Before you run your workflow, use check()
to screen for circular dependencies, missing files, and possible mistakes in quoting. (make()
checks the first two of these.)
check(x)
## Double-quoted strings were found in plan$code.
## Should these be single-quoted instead?
## Remember: single-quoted strings are file dependencies/outputs
## and double-quoted strings are just ordinary strings.
##
## output: 'first'
## strings in code: "hello world" "first"
##
## output: 'second'
## strings in code: "second"
make(x, output = "'second'") # Use single quotes here too.
## build 'first'
## build message
## build 'second'
make(x)
## skip 'first'
## import 'imported_file'
## skip message
## build contents_of_imported_file
## skip 'second'
readRDS("second")
## [1] "hello world"
readd(contents_of_imported_file)
## [1] "imported data"
readd("'second'") # Only the fingerprints of external files are cached.
## $hash
## [1] "0544f5e936e8320dbca44450c4550074"
##
## $mtime
## [1] "2017-02-27 09:06:39 EST"
Both imported and output files are reproducibly tracked.
make(x)
## skip 'first'
## import 'imported_file'
## skip message
## skip contents_of_imported_file
## skip 'second'
cached()
## [1] "'first'" "'imported_file'"
## [3] "'second'" "contents_of_imported_file"
## [5] "message"
list.files()
## [1] "drake.R" "drake.Rmd" "drake.html" "first"
## [5] "imported_file" "second"
Cleaning and pruning remove output files, but not imported input files.
clean()
cached()
## character(0)
list.files()
## [1] "drake.R" "drake.Rmd" "drake.html" "imported_file"
unlink("imported_file")
If you damage or delete any output files, drake will recover them for you.
file_plan = plan(list = c(
"'a'" = "saveRDS(17, \"a\")",
"'b'" = "saveRDS(1 + readRDS('a'), \"b\")",
"c" = "readRDS('b')"))
file_plan
## output code
## 1 'a' saveRDS(17, "a")
## 2 'b' saveRDS(1 + readRDS('a'), "b")
## 3 c readRDS('b')
make(file_plan, verbose = FALSE) # first runthrough
readRDS('b')
## [1] 18
saveRDS(5, 'b') # damage the file 'b'
make(file_plan)
## skip 'a'
## build 'b'
## skip c
readRDS('b')
## [1] 18
clean()
WARNING: drake does not look for file dependencies inside the bodies of imported functions. Inside imported functions, single quotes are not given any special treatment.
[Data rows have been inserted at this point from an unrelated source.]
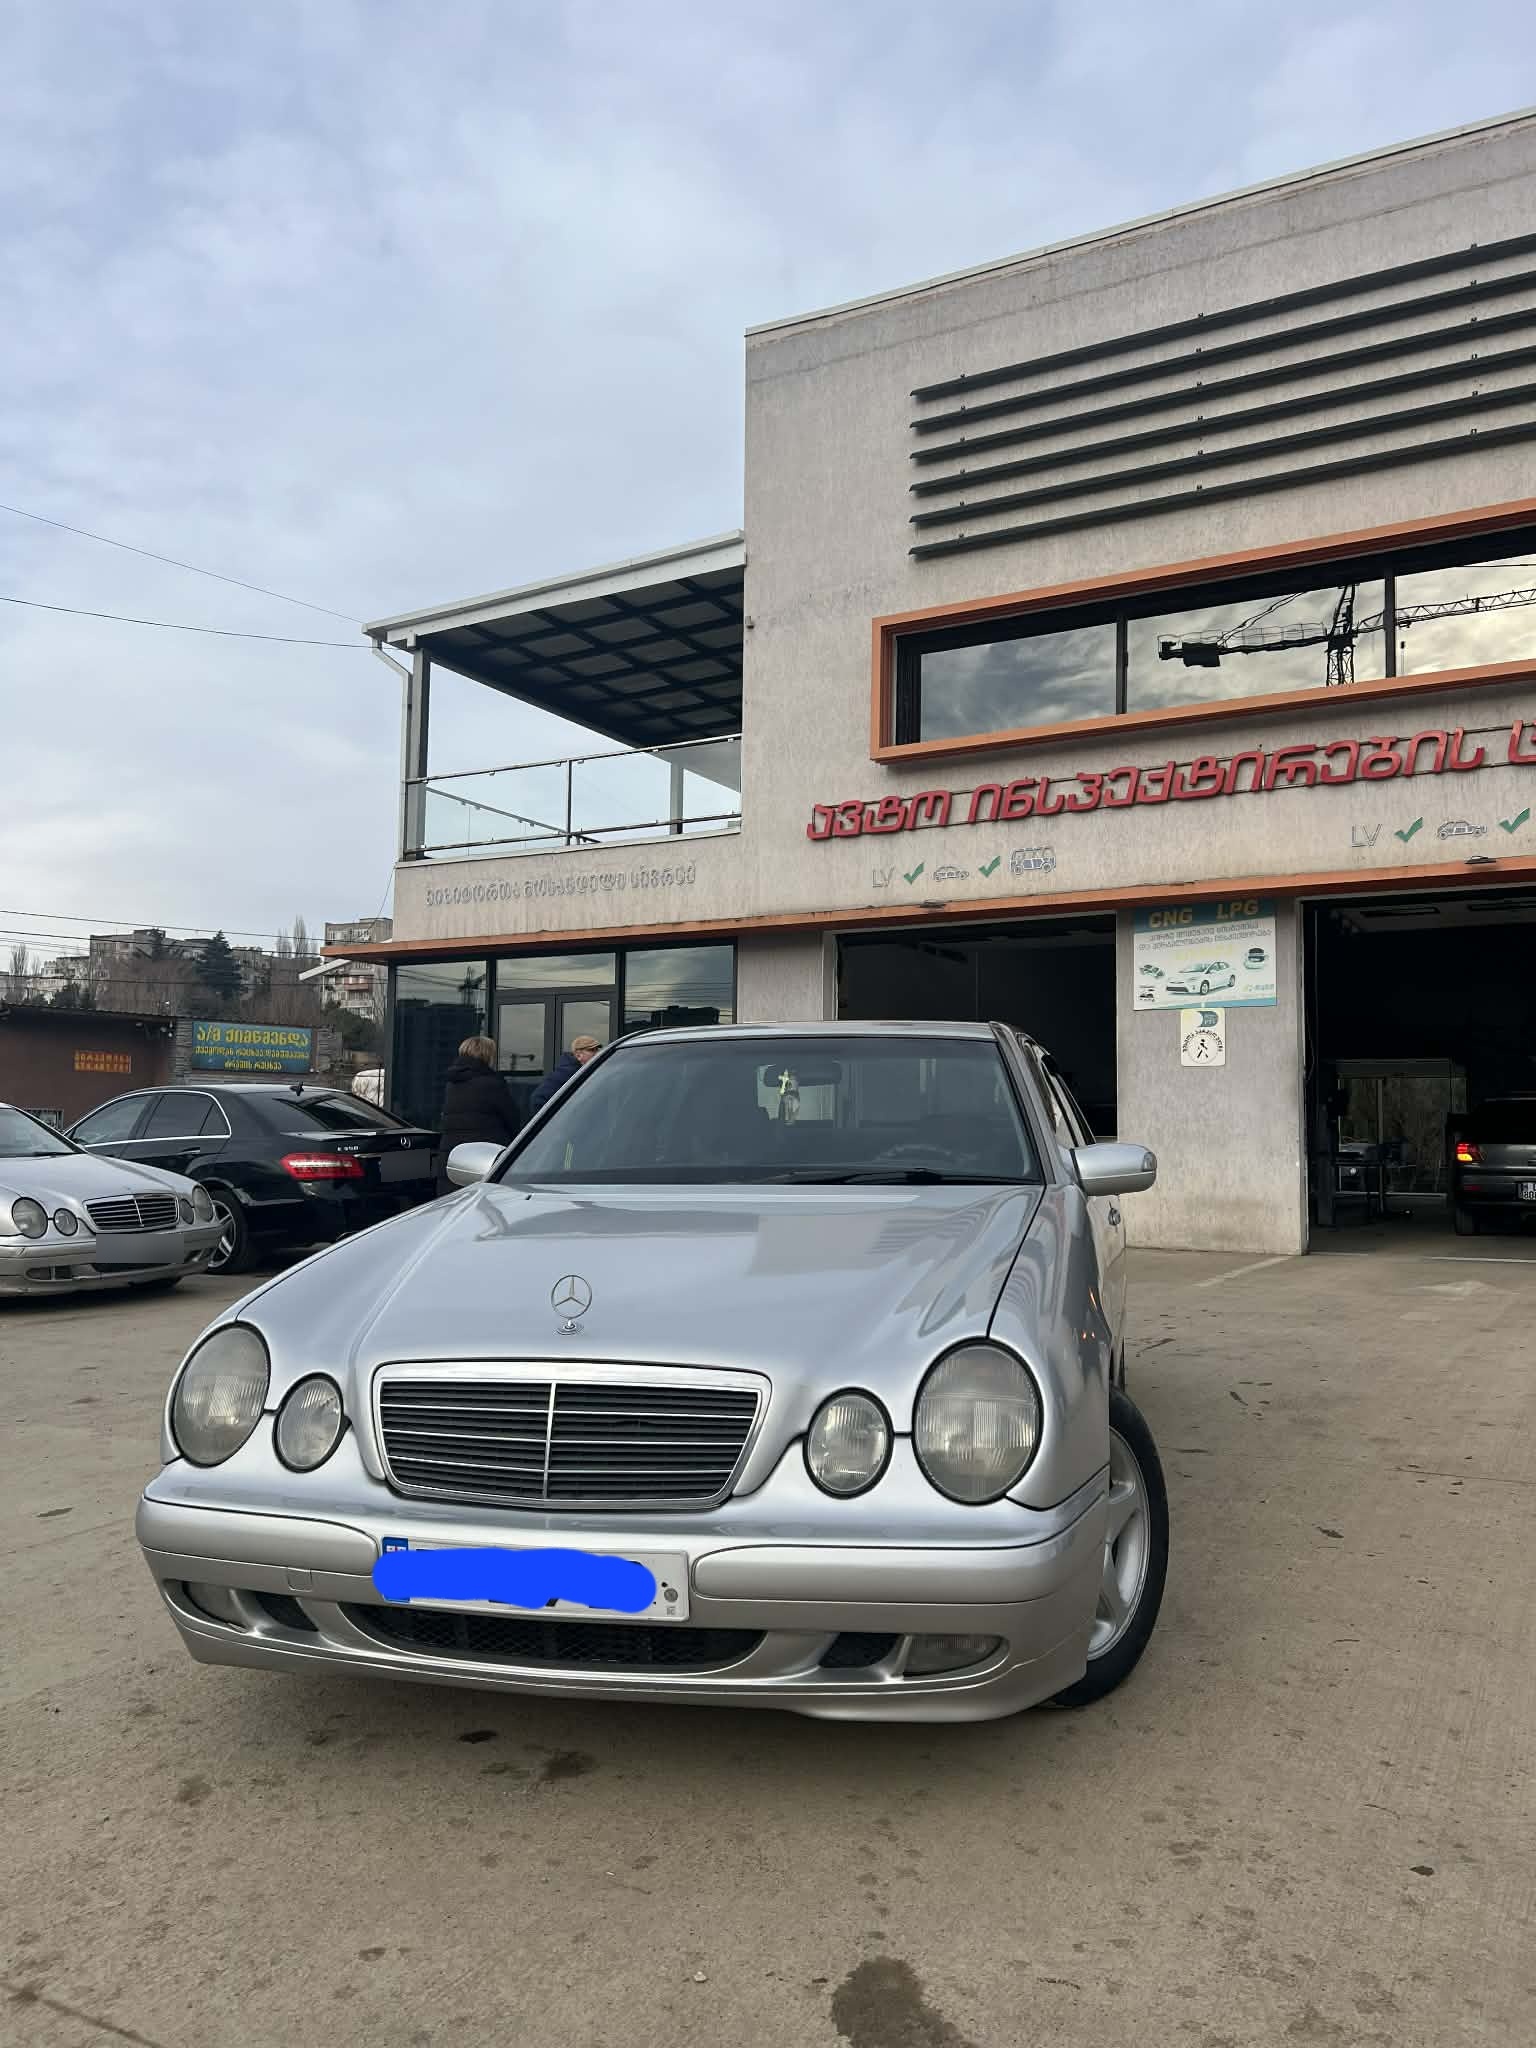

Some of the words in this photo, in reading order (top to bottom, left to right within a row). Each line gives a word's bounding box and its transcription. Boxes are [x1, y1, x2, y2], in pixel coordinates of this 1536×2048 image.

[806, 790, 953, 841] ავტო
[968, 727, 1485, 824] ინსპექტირების
[1148, 908, 1193, 928] CNG
[1217, 900, 1258, 920] LPG
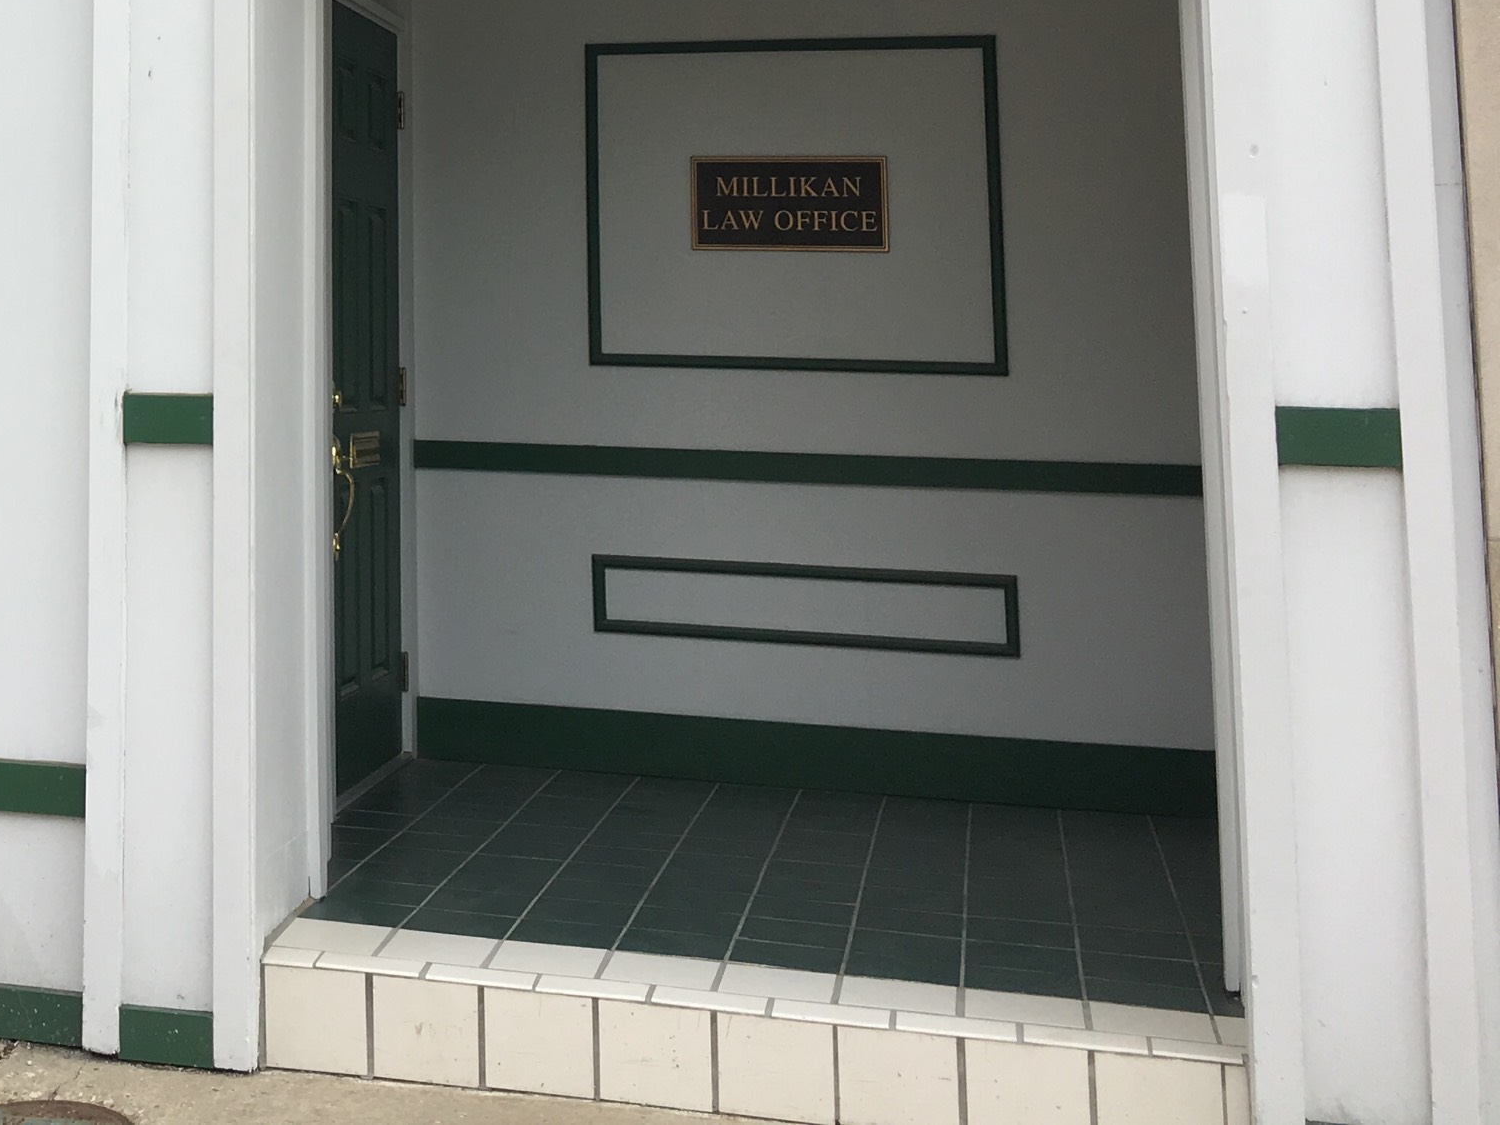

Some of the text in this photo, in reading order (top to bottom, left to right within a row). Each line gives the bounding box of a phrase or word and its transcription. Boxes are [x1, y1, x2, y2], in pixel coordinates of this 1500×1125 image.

[715, 176, 862, 198] MILLIKAN
[701, 209, 879, 233] LAW OFFICE
Single quotes are unavoidably turned into double quotes when a function is parsed or tidied, so if you import f <- function(x) read.csv('my_file.csv')
from your calling environment, then 'my_file.csv'
will not necessarily be treated as a file dependency.
The plan()
function errs on the side of single-quoting to make sure file dependencies are not forgotten. Still, you should always run check()
before make()
. Read on for more about plan()
.
Drake has a few built-in workflow plans.
example_plans()
## [1] "small" "debug"
example_plan("small")
## output code
## 1 a b + c
## 2 b d + e
## 3 c d + f
## 4 d 1 + 1
## 5 e 2 + 2
## 6 f 3 + 3
example_plan("debug")
## output code
## 1 a as.numeric(as.matrix(read.csv('input')))
## 2 b a + 1
## 3 c a + 2
## 4 d f(b + c)
## 5 e g(b + d)
## 6 'd' saveRDS(d, "d")
## 7 'e' saveRDS(e, "e")
## 8 final readRDS('e')
The “debug” plan relies on external functions and files that you should load with debug_setup()
before calling make()
. When you’re done, call debug_cleanup()
to remove the files for the example.
Drake’s plan()
function helps create workflow plan data frames, and the as_file()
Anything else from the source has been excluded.